Our country is already deep in the throes of one of the worst epidemics of our time. It is a plague. A scourge. A blight upon our society. When it first reared its ugly head back in the early ‘90s, it seemed that no one was immune to its grasp. Seemingly and effortlessly, it took hold from coast to coast. It rendered people unable to speak their minds for fear of repercussions. It gave way to people getting jobs they were ill equipped to hold.
This condition takes away rules for one set of people and doubles down on the other out of a supposed fairness. It has made hypocrisy the backbone of one political party and spineless cowards out of the other.
The disease, of course, is political correctness. At one time I was caught up in it. Say something out of line, and you’re quickly reprimanded for not being “PC.”

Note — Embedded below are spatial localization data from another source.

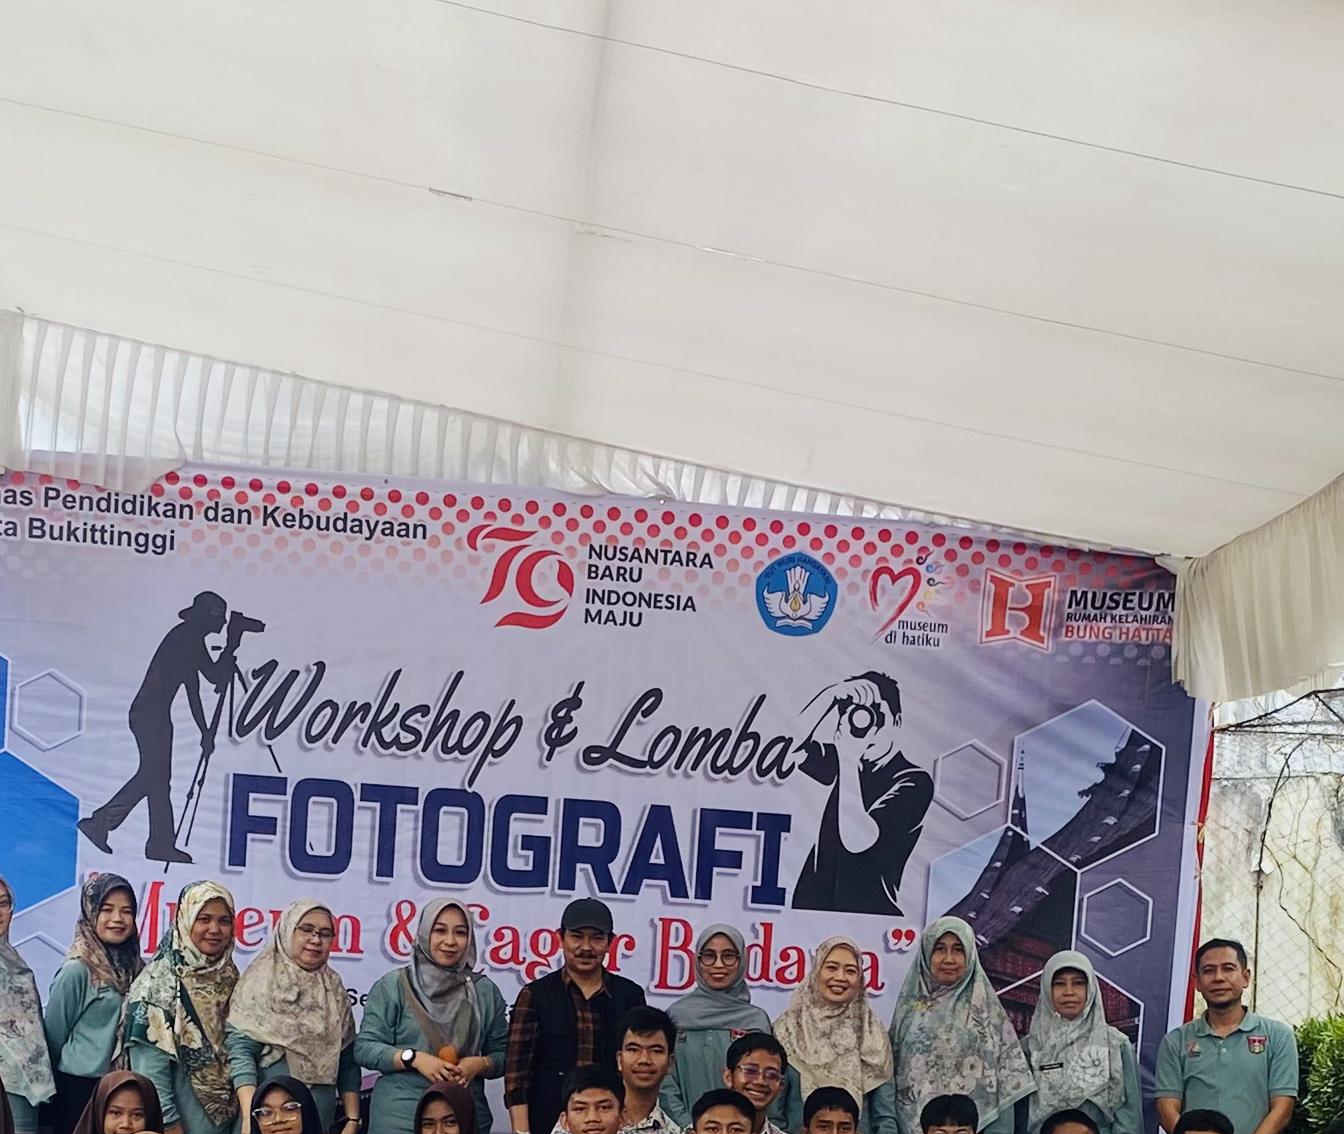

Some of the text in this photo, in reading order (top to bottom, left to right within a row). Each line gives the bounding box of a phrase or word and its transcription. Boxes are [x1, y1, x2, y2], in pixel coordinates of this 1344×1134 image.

[44, 486, 194, 521] Pendidikan
[203, 498, 253, 526] dan
[262, 505, 428, 540] Kebudayaan
[29, 518, 176, 555] Bukittinggi
[588, 544, 714, 569] NUSANTARA
[587, 564, 642, 583] BARU
[585, 588, 697, 612] INDONESIA
[1067, 590, 1176, 612] MUSEUM
[584, 608, 643, 628] MAJU
[898, 620, 948, 633] museum
[1066, 612, 1107, 624] RUMAH
[885, 630, 941, 647] di hatiku
[1064, 625, 1172, 641] BUNG HATTA
[235, 659, 797, 787] Workshop & Lomba
[228, 773, 792, 906] FOTOGRAFI

One of the deadly consequences of the disease shows itself in the form of rules of engagement for our soldiers. They go into battle to fight the most lawless types of savages in the world and are told that they cannot fire until they are fired upon. Knowing this, the enemy buries bombs, waits for our defenseless soldiers to drive right over the bombs, and detonates them without a shot ever being fired. This is the sort of thing that happens when we don’t want to offend the “religion of peace.”
So when some animal walks into a military cafeteria and starts killing at random, we can’t call it terrorism. It’s “workplace violence.” Some beast walks into a workplace and cuts the head off an innocent lady while shouting Islamic chants…no terrorism there either, my friends. Again, it’s merely workplace violence.
People shouldn’t get all worked up when these things get labeled the way they do. We created the labels. At the least, we’ve allowed them. We continue to permit them to be used. Political correctness prevents us from saying exactly how we feel about something because we just don’t want to offend. We’d rather say, “Oh, I agree with you. There’s always two sides, I suppose.”
BS. The only two sides in most arguments are the right one and the wrong one.
On every topic I choose to discuss, I absolutely, 100% believe I am right. I believe in God, Country, and Family, and I will defend all of those with my dying breath. I wish more of us would. It’s time for people on my side–the right side–to stand up for what they believe in, and not back down to those who use the rules of political correctness against us. People can pat me on the back for what I stand up and say, but I want those people to say it, too.
The easiest cure for the affliction of political correctness is to simply turn your back on it, not permit it in your house, and let others know you don’t play by those rules. Instead, make your own rules. Stand up for your convictions. Once we rid ourselves of this disease, we’ll be able to lock down our borders, turn away the terrorists that are infiltrating our freedoms, and permit our fighting men and women to do their jobs the right way.
Political correctness is a disease. Like other diseases, we should treat it and control it as much as possible, no matter how tired we may be of fighting against it. Many on both the left and the right don’t believe in taking the vaccine, in which we call things as they are rather than calling them some sanitized version of what they are. We have to immunize ourselves from the fear of offending others who think they know better than us. We must encourage others to do the same.
If you’re still in doubt that political correctness is a disease, consider this: political correctness gave way to the majority of voters electing Barack Obama as our president–twice. We must fight against political correctness before the spread of this wretched and often fatal contagion is too late to stop. If we wage this battle now, maybe someday all of America will finally be cured.